CIVICOP é apresentada nas Nações Unidas como exemplo de reconciliação pós-conflito

Angola apresentou, nas Nações Unidas, a experiência da Comissão para a Reconciliação em Memória das Vítimas dos Conflitos Políticos (CIVICOP) como um exemplo de reconciliação pós-conflito e de promoção da paz duradoura, durante a Sessão Anual da Comissão de Consolidação da Paz, realizada em Nova Iorque, no âmbito das comemorações do 20.º aniversário da Arquitetura de Consolidação da Paz da ONU.
A posição foi defendida pelo representante permanente de Angola junto das Nações Unidas, embaixador Francisco José da Cruz, que destacou a experiência angolana na promoção da reconciliação nacional, assente na apropriação nacional, no diálogo inclusivo e no fortalecimento das instituições como instrumentos fundamentais para prevenir conflitos e consolidar a estabilidade.

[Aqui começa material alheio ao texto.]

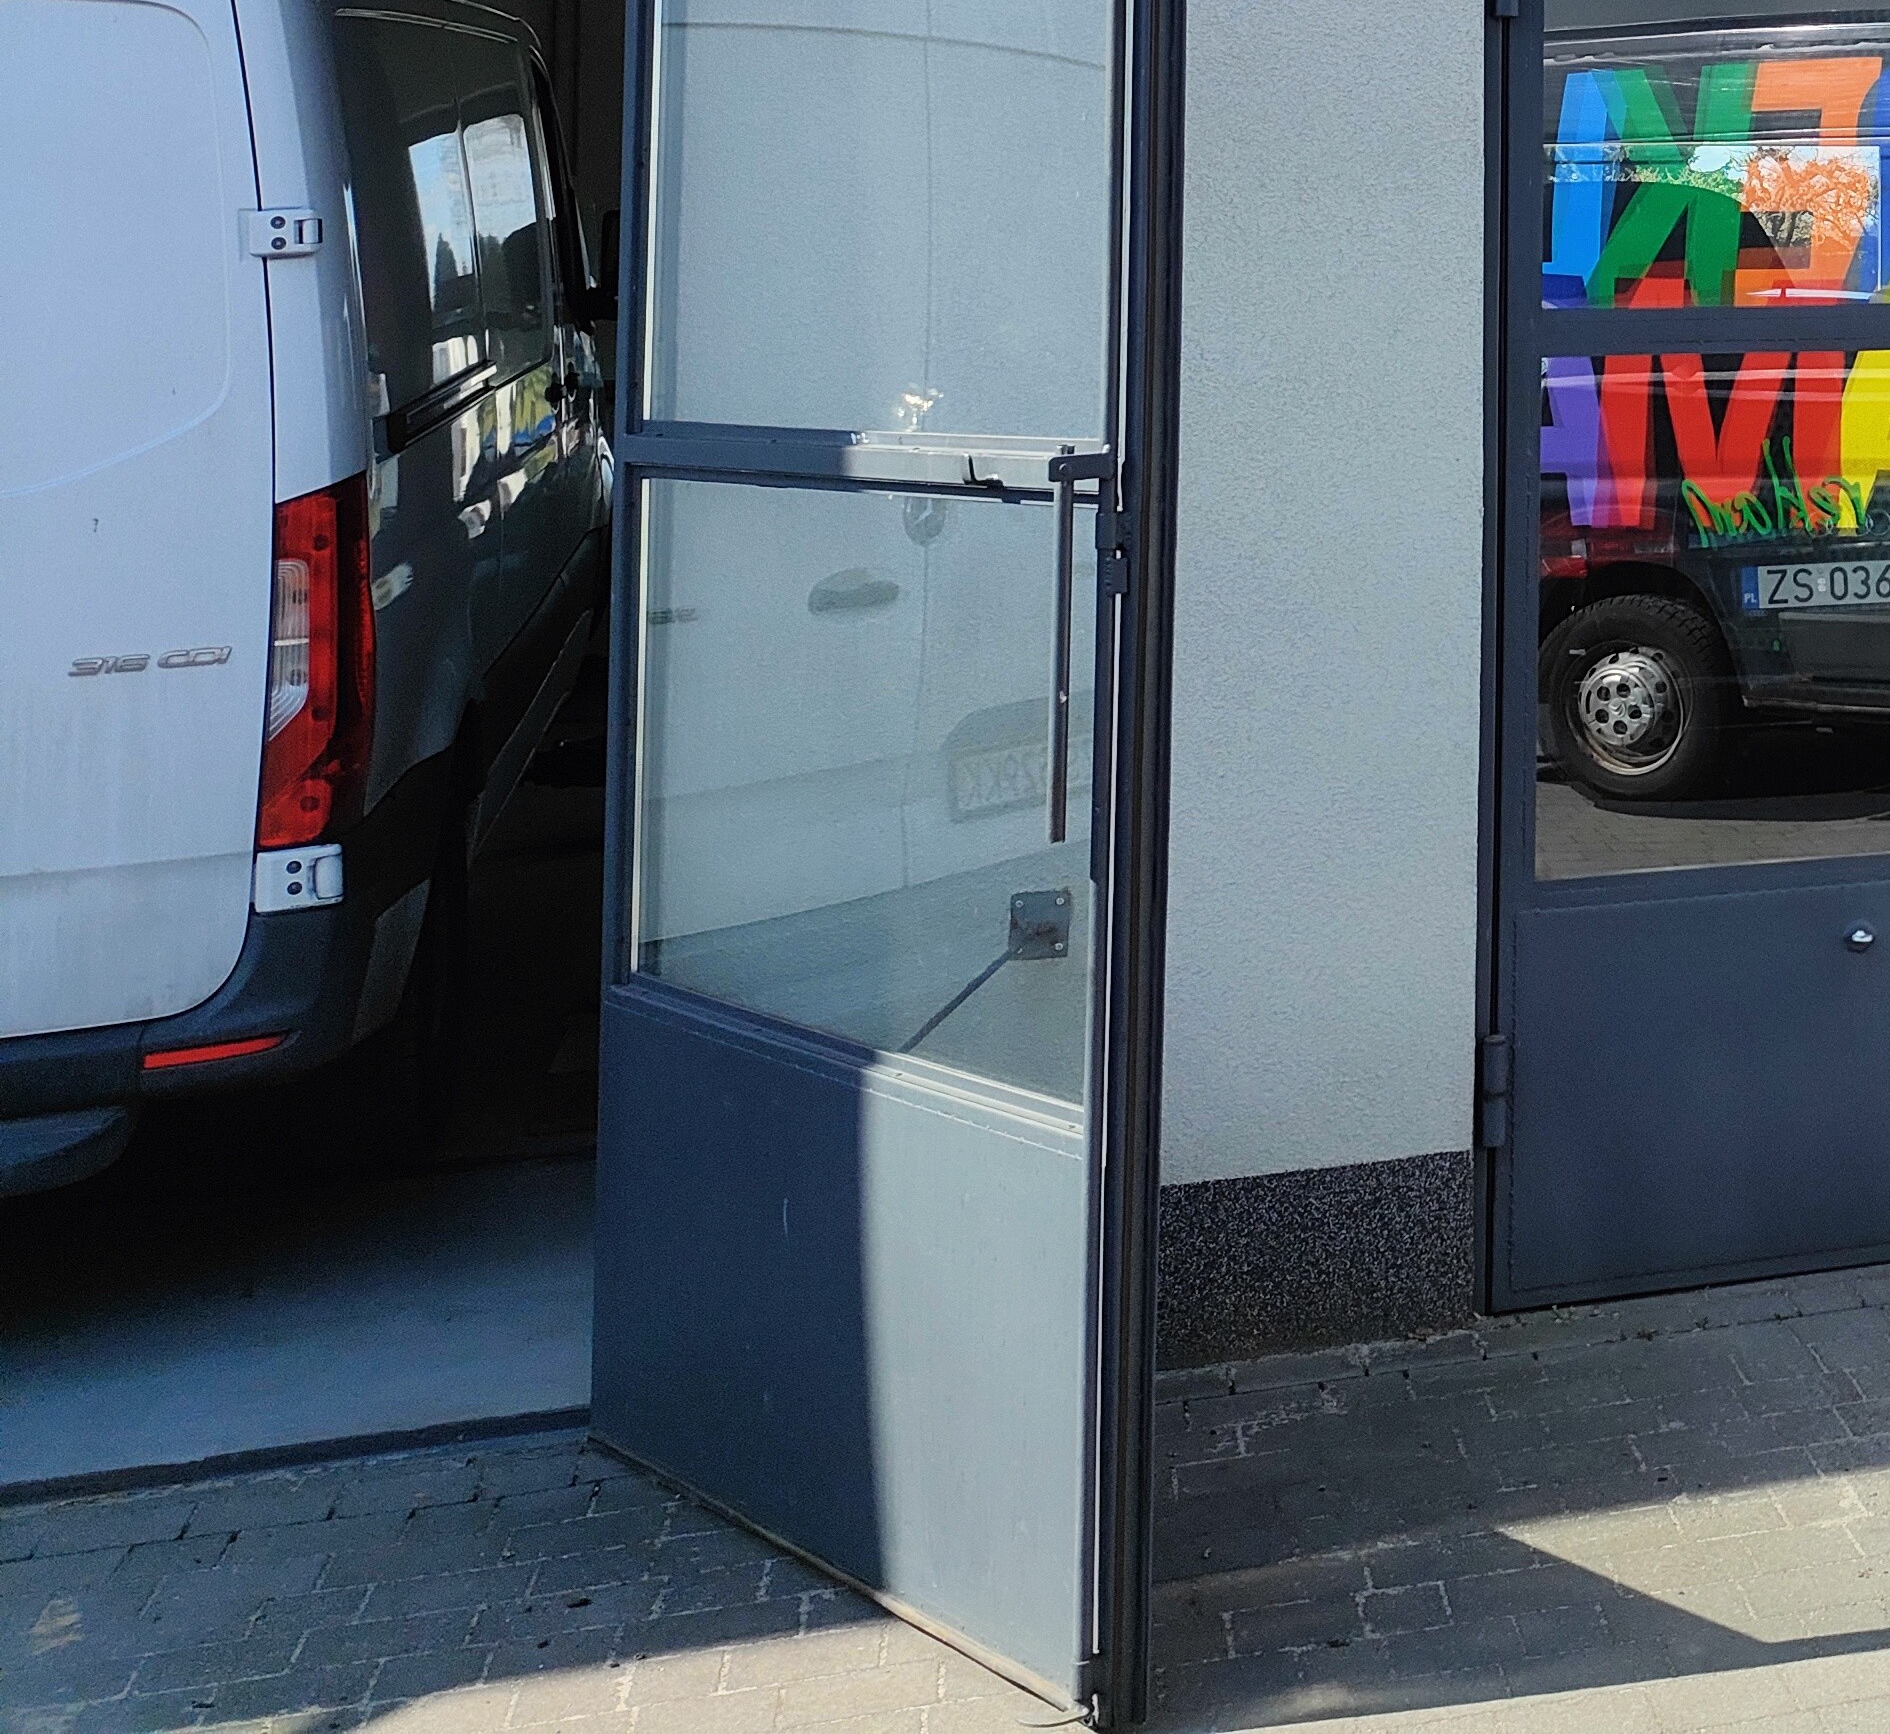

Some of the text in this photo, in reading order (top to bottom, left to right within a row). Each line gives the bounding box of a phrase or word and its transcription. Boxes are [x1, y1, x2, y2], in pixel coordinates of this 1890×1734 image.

[1743, 592, 1757, 604] PL
[1766, 567, 1815, 605] ZS
[156, 645, 233, 670] CDI

Na ocasião, o diplomata sublinhou que, após décadas de conflito, Angola tem desenvolvido um processo contínuo de reconstrução nacional e de fortalecimento da coesão social, sendo a CIVICOP uma das iniciativas mais relevantes neste percurso.
Segundo Francisco José da Cruz, a comissão tem desempenhado um papel importante na localização, identificação e entrega dos restos mortais das vítimas dos conflitos políticos ocorridos entre 1975 e 2002 às respetivas famílias, permitindo a realização de cerimónias fúnebres condignas e promovendo o reconhecimento e a dignificação das vítimas.
O representante permanente salientou que esta abordagem demonstra que o tratamento responsável do legado dos conflitos constitui um elemento essencial para reforçar a confiança entre os cidadãos, preservar a memória coletiva e consolidar a unidade nacional.
Durante a sessão, Angola defendeu igualmente um maior investimento internacional na prevenção de conflitos e na consolidação da paz, apelando a uma atuação mais integrada e sustentável das Nações Unidas em apoio às prioridades definidas pelos Estados.
O diplomata reiterou que os resultados mais duradouros são alcançados quando os mecanismos internacionais complementam os esforços nacionais e permanecem para além das fases imediatas de pós-conflito, contribuindo para a estabilidade e o desenvolvimento sustentável.
Na mesma ocasião, Angola reafirmou o compromisso de continuar a promover a diplomacia preventiva, o diálogo inclusivo e a partilha da sua experiência com países em processo de recuperação pós-conflito, reforçando a cooperação internacional em matéria de paz e segurança.
Ainda nas Nações Unidas, durante o Debate Aberto do Conselho de Segurança sobre Crianças e Conflitos Armados, o embaixador Francisco José da Cruz destacou os progressos alcançados na proteção da infância, incluindo a libertação de mais de 220 mil crianças anteriormente associadas a forças e grupos armados, defendendo o reforço da proteção infantil e da responsabilização pelos crimes cometidos contra menores em cenários de conflito.